Special education director: What’s an educational audiologist?
At the time, Garret was a kindergarten student in public school, with a bilateral moderate sensorineural hearing loss and significant speech-language needs. His family had just moved to Massachusetts from a state that employed educational audiologists in the school district. When a child with hearing loss came into that district, the educational audiologist was automatically called to fit appropriate classroom listening technology, support the teacher in making the curriculum accessible, and function as part of the educational team.
In our state, educational audiologists are still unheard of in most public schools. According to Massachusetts data, only five educational audiologists are employed by school districts in the state. This mom’s inquiry nine years ago became the impetus for contract educational audiology service delivery through our school for the deaf.
What does a full-time contract educational audiologist do? Drive…a lot. Last year I put 23,000 miles on my car. Our work is much more than fitting an FM system and providing technology training. In the contract model, educational audiologists can come to the child’s school on short notice to provide myriad services:
  • Liaison with the clinical audiologist
  • Interpret audiograms and discuss the implications for the student’s hearing loss on accessing the curriculum
  • Make recommendations for classroom accommodations
  • Educate teams on the impact of classroom acoustics for all learners
  • Work with educators to understand the benefits and limitations of hearing aids, cochlear implants, and FM technology
  • Identify appropriate personal and sound field technology for a student, based on current research and evidence-based practice
  • Help educators understand evaluations for auditory processing disorders and how to implement recommendations
  • Consult on school hearing screening protocols with nursing staff, who are responsible for the screenings
  • Develop audiologic/aural rehabilitation (AR) training goals for children with hearing loss, cochlear implants, and auditory processing disorders
  • Provide AR co-treatment with the school-based speech-language pathologists to support their knowledge of AR to foster progress on the hierarchy of auditory skill development
  • Assist with post-graduation transition planning with students who have hearing loss
  • Attend IEP/Section 504 meetings and make recommendations as a member of the educational team
  • Provide in-service training to educators on the impact of hearing on learning
In several districts educational audiologists see all students with hearing loss in the district, but in others they may see only one of the district’s students with hearing loss, usually at the parents’ request. There are still many districts in which educational audiology services are not available.
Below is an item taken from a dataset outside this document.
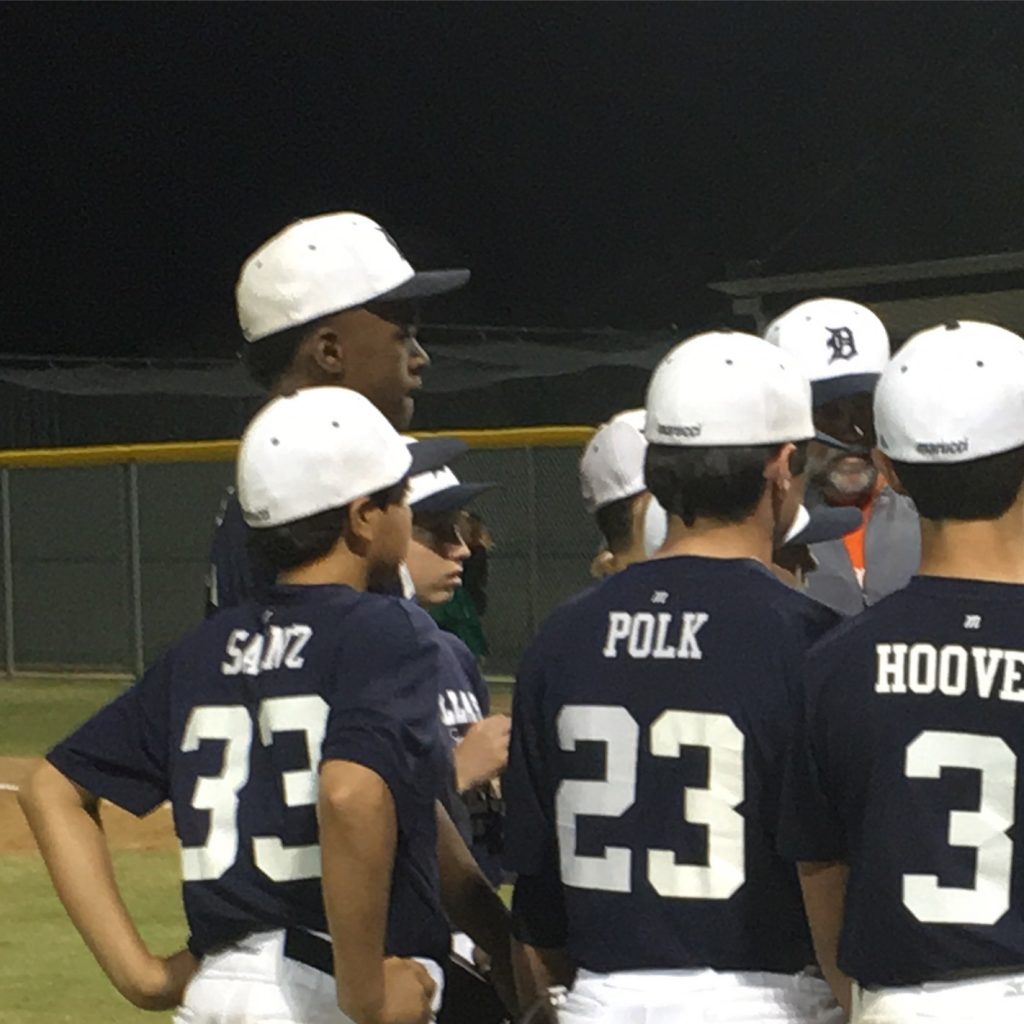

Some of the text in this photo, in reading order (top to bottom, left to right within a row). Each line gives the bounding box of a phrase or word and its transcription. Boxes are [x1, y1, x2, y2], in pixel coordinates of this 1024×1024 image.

This inconsistent delivery of services prompted a group of audiologists to form the Massachusetts Educational Audiology (MEA) Task Force. MEA’s mission is to determine the most efficient way of making educational audiology services accessible to every student with a hearing loss. MEA representatives are providing information about educational audiology to the state Department of Education, educators, SLPs, parent groups, and clinical audiologists to “get the word out” about the benefits of educational audiology to schools.
And as for Garret—several years ago his family moved to another state and he receives services from a “terrific” educational audiologist, according to his mother. Garret now earns As and Bs in school and is about to enter ninth grade. He’s interested in sports broadcasting, is traveling to Europe with a student group, volunteers at an annual charity golf tournament to raise money for children who are deaf and hard of hearing, and has moved to a 504 plan, as he no longer needs special education services. I’m happy to have been a part of Garret’s early years as his educational audiologist.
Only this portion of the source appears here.